The first step I'm working on here (as suggested by Bruno) is lowering the existing case where cir.base_class_addr is emitted, i.e. when it's a zero-offset type cast. We could just lower it to a pure type cast for now (knowing that it'll only be emitted for that case), but that feels like a bit of a cop-out. Doing any sort of actual lowering would require having access to the full cast path, which I could think of doing in the following ways (from my previous comment):

  • Have cir.base_class_addr record the full cast path instead of just the destination.
  • Have cir.base_class_addr store an AST reference to the CastExpr so it can use it to access the cast path.
  • Generate multiple cir.base_class_addr ops, one for each step in the cast path.

Alternatively, we could record both direct and transitive base offset information in cir.struct itself, but Clang in general seems to prefer to keep only information about direct members and bases and walk the inheritance chain to get information from parent classes (which makes sense IMO, since storing transitive information duplicates things and can blow up in degenerate cases).

@Lancern, you mentioned handling the conversion between member pointers. At least for simple cases like https://godbolt.org/z/45oKh3584, the AST contains a derived-to-base cast before the member pointer dereference, so we should still end up in the cir.base_class_addr path. Did you have cases in mind where we'd bypass the cast and the dereference itself would need access to type conversion info?

@bcardosolopes, @Lancern, what do you think between the three alternatives above, or do you have suggestions for something better?

smeenai avatar Sep 30 '24 18:09 smeenai

@smeenai, Re first message:

Everything so far can be handled pretty straightforwardly by using the AST node attached to a cir.struct, and given that it's mostly dealing with information computed by the AST, I think it's the right way to go (vs. duplicating that information). LoweringPrepare has its own LoweringPrepareItaniumCXXABI class, so we'd have to implement the virtual offset lookup logic there, but I think it should be doable.

Sounds good to me!

My inclination would be changing cir.base_class_addr here (I don't have a strong preference between the three possibilities), but I'm open to changing cir.struct too (and of course any other options I haven't though of).

I also believe that we can pull this off without changing the struct type, that would be best, it will have a memory cost to encode this on a very common type.

Handling virtual base classes will require some modification to cir.base_class_addr regardless, since we need to record the virtual base in some way, unless we lower that part in CIRGen directly instead of as part of the base_class_addr op.

Sounds good to me too.

so we'd be losing high-level information in flat CIR

Yep, but that's on purpose.

bcardosolopes avatar Oct 04 '24 00:10 bcardosolopes

@smeenai, Re second message:

  • Have cir.base_class_addr record the full cast path instead of just the destination.
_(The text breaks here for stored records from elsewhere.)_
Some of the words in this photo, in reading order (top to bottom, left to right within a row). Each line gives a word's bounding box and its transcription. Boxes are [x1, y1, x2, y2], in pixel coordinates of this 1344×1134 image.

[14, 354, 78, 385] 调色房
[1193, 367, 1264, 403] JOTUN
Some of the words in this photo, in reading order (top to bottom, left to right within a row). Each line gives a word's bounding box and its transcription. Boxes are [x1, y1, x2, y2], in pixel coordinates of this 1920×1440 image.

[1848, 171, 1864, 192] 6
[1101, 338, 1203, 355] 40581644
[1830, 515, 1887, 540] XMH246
I like this one better. Already helps to decouple a bit from the AST. Still a question whether this is enough info for lowering later or if we'll end up having to encode more, or postpone more.
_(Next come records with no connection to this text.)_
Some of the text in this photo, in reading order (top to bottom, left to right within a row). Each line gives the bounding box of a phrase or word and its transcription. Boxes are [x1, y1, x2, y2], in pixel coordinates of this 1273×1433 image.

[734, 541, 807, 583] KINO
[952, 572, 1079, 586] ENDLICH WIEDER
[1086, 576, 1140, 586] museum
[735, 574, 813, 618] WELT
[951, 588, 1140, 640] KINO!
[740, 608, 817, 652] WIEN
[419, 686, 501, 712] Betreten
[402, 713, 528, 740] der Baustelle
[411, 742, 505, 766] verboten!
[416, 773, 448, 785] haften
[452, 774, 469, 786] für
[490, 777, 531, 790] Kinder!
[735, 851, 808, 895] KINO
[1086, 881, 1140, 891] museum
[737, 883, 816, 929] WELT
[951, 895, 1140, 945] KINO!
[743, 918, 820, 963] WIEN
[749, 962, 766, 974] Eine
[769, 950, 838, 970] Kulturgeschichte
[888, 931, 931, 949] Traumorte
  • Have cir.base_class_addr store an AST reference to the CastExpr so it can use it to access the cast path.

Depending on the CastExpr content it might be harder to tackle this post CIRGen, but if feasible is also a good route.
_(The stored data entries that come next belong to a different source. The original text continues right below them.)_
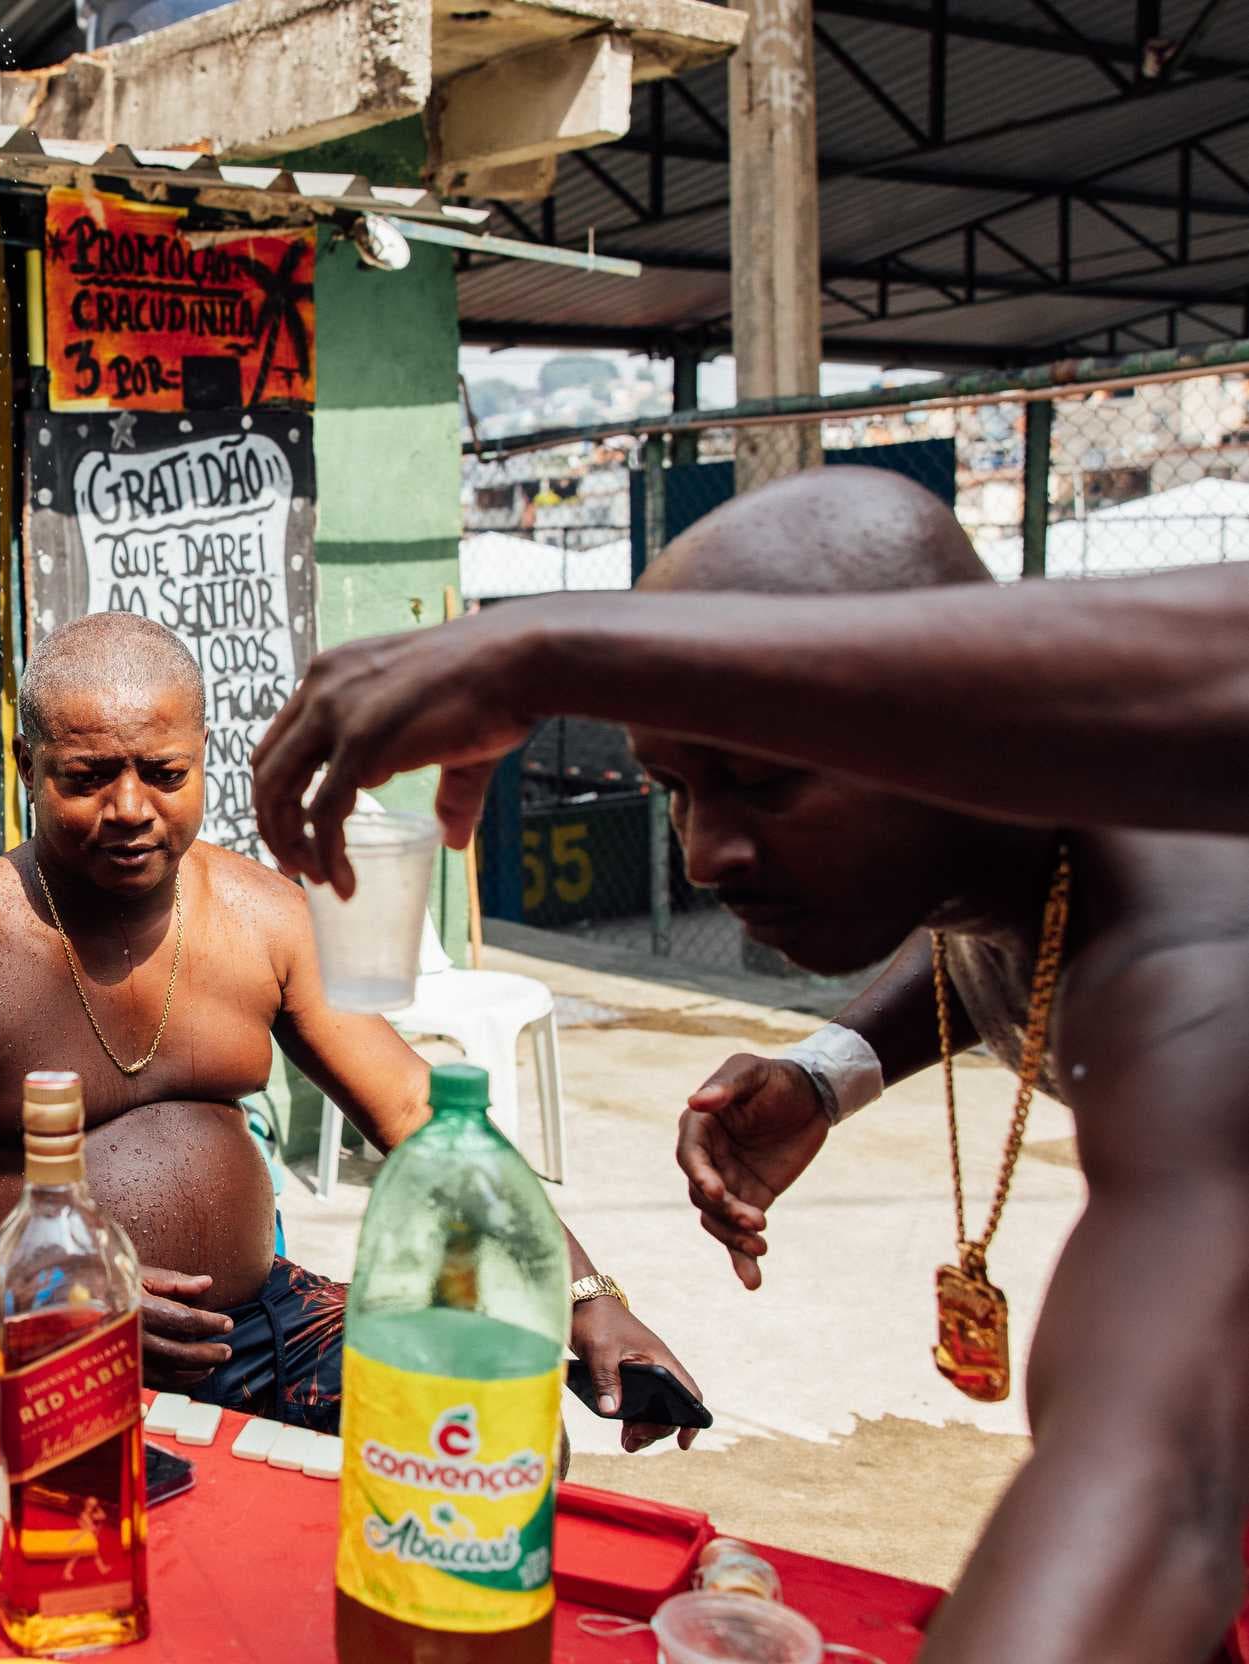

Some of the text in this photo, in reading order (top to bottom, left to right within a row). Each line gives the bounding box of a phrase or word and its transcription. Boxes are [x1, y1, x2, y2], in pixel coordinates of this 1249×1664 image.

[64, 339, 100, 396] 3
[111, 536, 169, 578] QUE
[160, 577, 284, 630] SENHOR
[19, 1391, 65, 1425] RED
[68, 1353, 138, 1400] LABEL
  • Generate multiple cir.base_class_addr ops, one for each step in the cast path.

Probably having one operation with the full path might be better if the intermediate results are not used.

bcardosolopes avatar Oct 04 '24 00:10 bcardosolopes

I implemented cir.base_class_addr, including for non-zero offsets, in PR #937, not knowing that this issue existed. I puzzled over some of the same questions, and changed my mind about four times on how to proceed when working on it. Here is the approach I finally landed on:

Conversions to virtual base classes are not implemented in that PR. But when they are implemented, I don't think they should use cir.base_class_addr. I am fine with having CIR code gen directly create the loads and ptr_strides necessary to get the correct address from the virtual table. If we want to keep the higher-level semantics of a base class conversion in CIR, then I suggest a new cir.virtual_base_class_addr operation, since a virtual base class is such a different thing than a regular base class.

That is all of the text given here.